Source records -
-*-*-
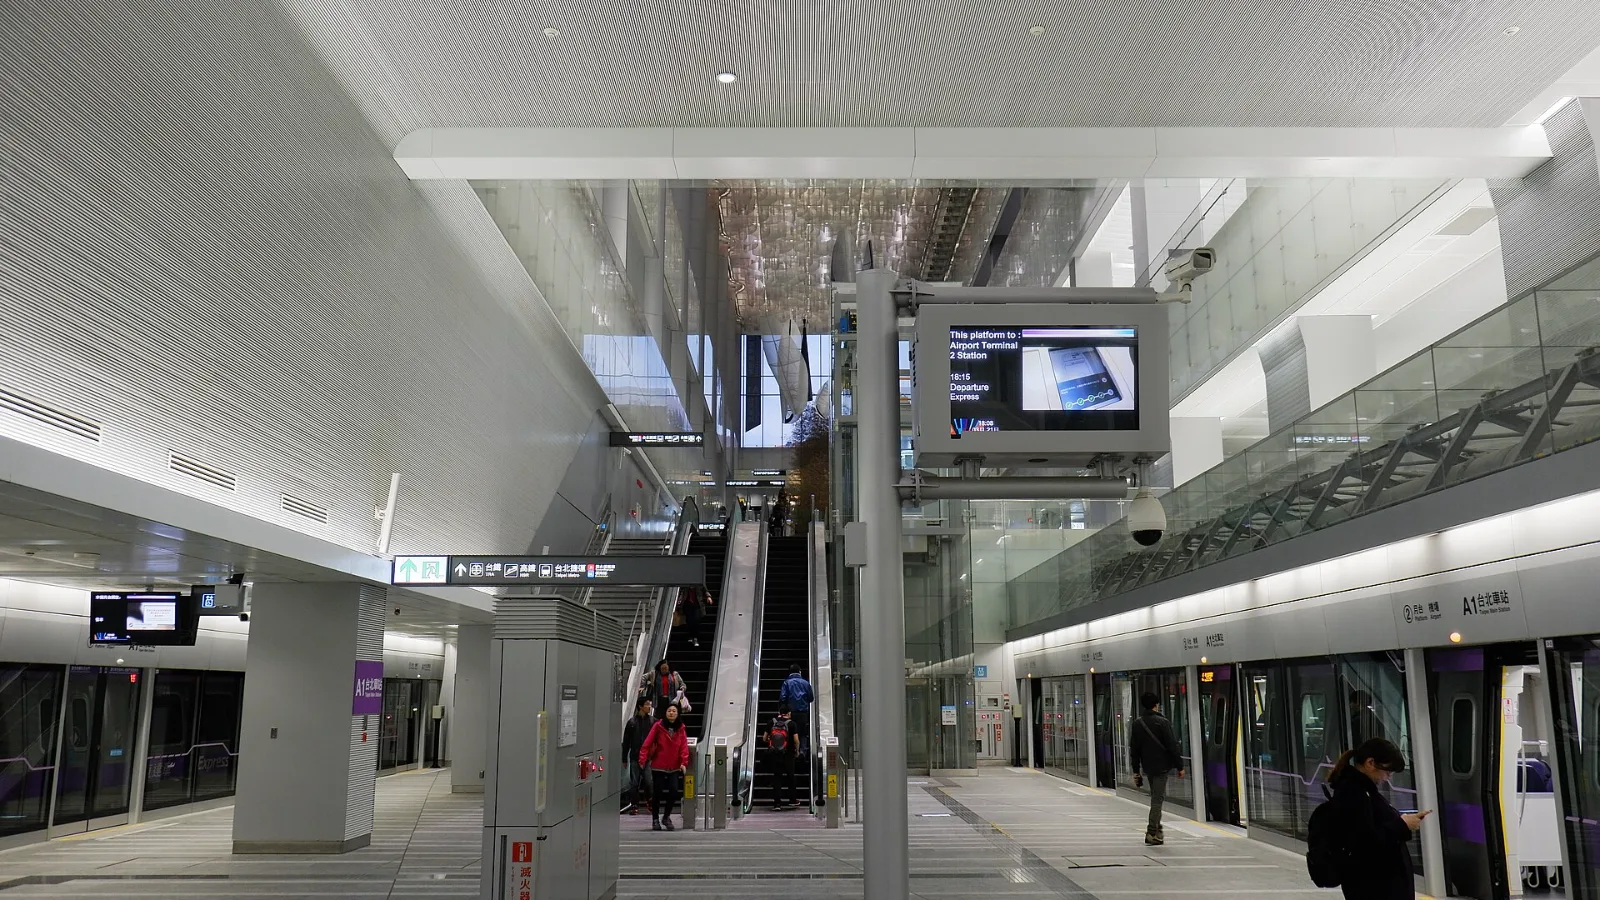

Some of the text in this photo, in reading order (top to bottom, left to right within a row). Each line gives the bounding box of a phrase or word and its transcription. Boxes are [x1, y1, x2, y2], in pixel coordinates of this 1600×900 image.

[950, 330, 968, 339] This
[970, 330, 1005, 341] platform
[1007, 331, 1016, 339] to
[950, 341, 1018, 351] Airport Terminal
[957, 351, 987, 360] Station
[950, 383, 989, 392] Departure
[950, 393, 979, 402] Express
[1463, 590, 1510, 616] A1 台北車站
[1414, 604, 1424, 614] 月台
[355, 678, 365, 696] A1
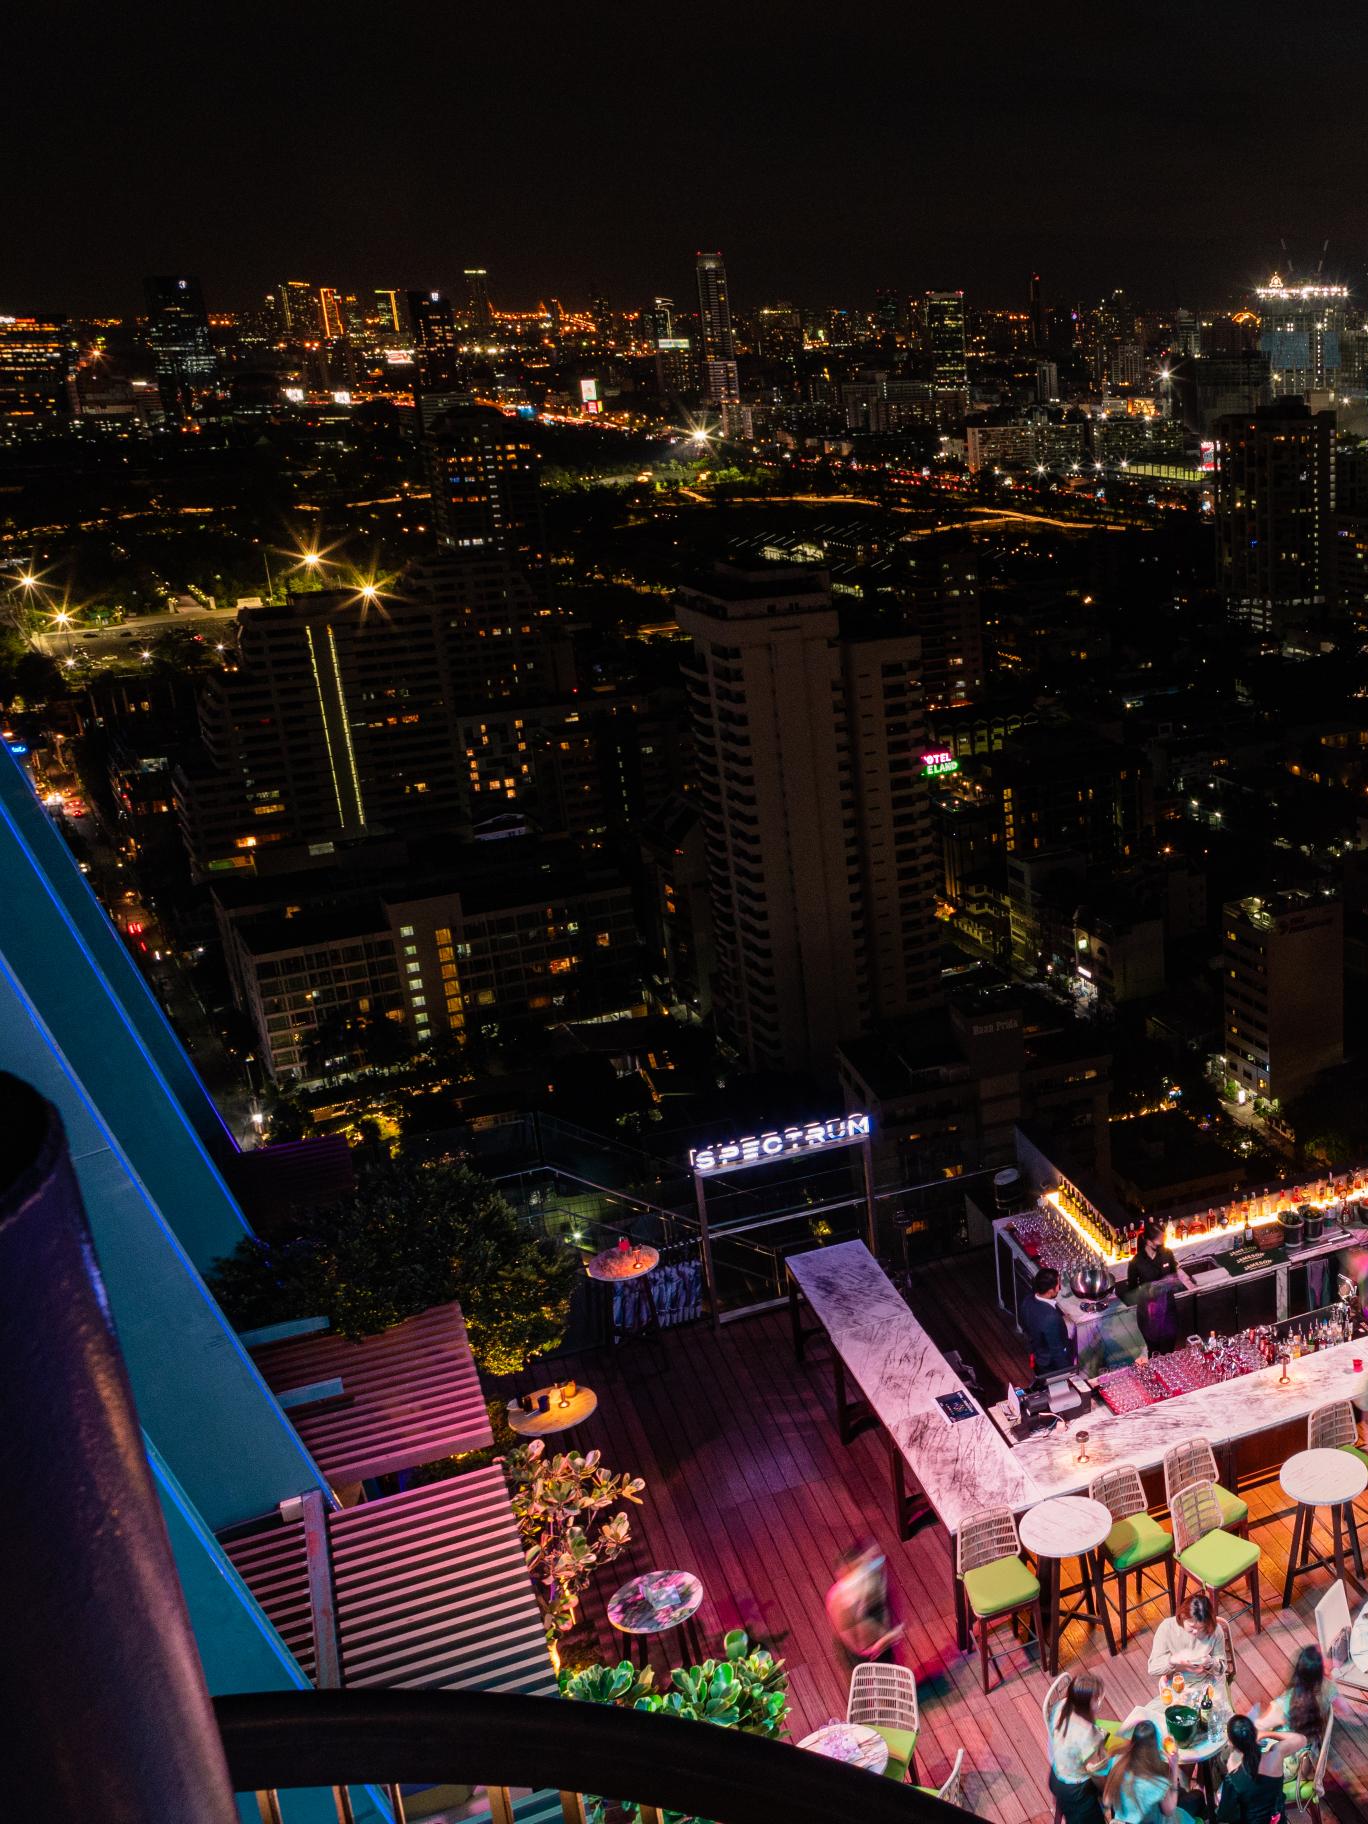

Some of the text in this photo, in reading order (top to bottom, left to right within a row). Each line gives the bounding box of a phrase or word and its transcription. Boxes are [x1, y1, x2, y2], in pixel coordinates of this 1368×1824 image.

[923, 752, 952, 764] OTEL
[927, 761, 958, 775] ELAND
[693, 1114, 870, 1170] SPECTRUM
[1236, 1252, 1265, 1264] JAMESON
[1244, 1259, 1272, 1270] JAMESON
-*-*-
Work required -
Print the material verbatim; drop the pictures.

Task output -
Some of the text in this photo, in reading order (top to bottom, left to right within a row). Each line gives the bounding box of a phrase or word and its transcription. Boxes are [x1, y1, x2, y2], in pixel coordinates of this 1600×900 image.

[950, 330, 968, 339] This
[970, 330, 1005, 341] platform
[1007, 331, 1016, 339] to
[950, 341, 1018, 351] Airport Terminal
[957, 351, 987, 360] Station
[950, 383, 989, 392] Departure
[950, 393, 979, 402] Express
[1463, 590, 1510, 616] A1 台北車站
[1414, 604, 1424, 614] 月台
[355, 678, 365, 696] A1

Some of the text in this photo, in reading order (top to bottom, left to right within a row). Each line gives the bounding box of a phrase or word and its transcription. Boxes are [x1, y1, x2, y2], in pixel coordinates of this 1368×1824 image.

[923, 752, 952, 764] OTEL
[927, 761, 958, 775] ELAND
[693, 1114, 870, 1170] SPECTRUM
[1236, 1252, 1265, 1264] JAMESON
[1244, 1259, 1272, 1270] JAMESON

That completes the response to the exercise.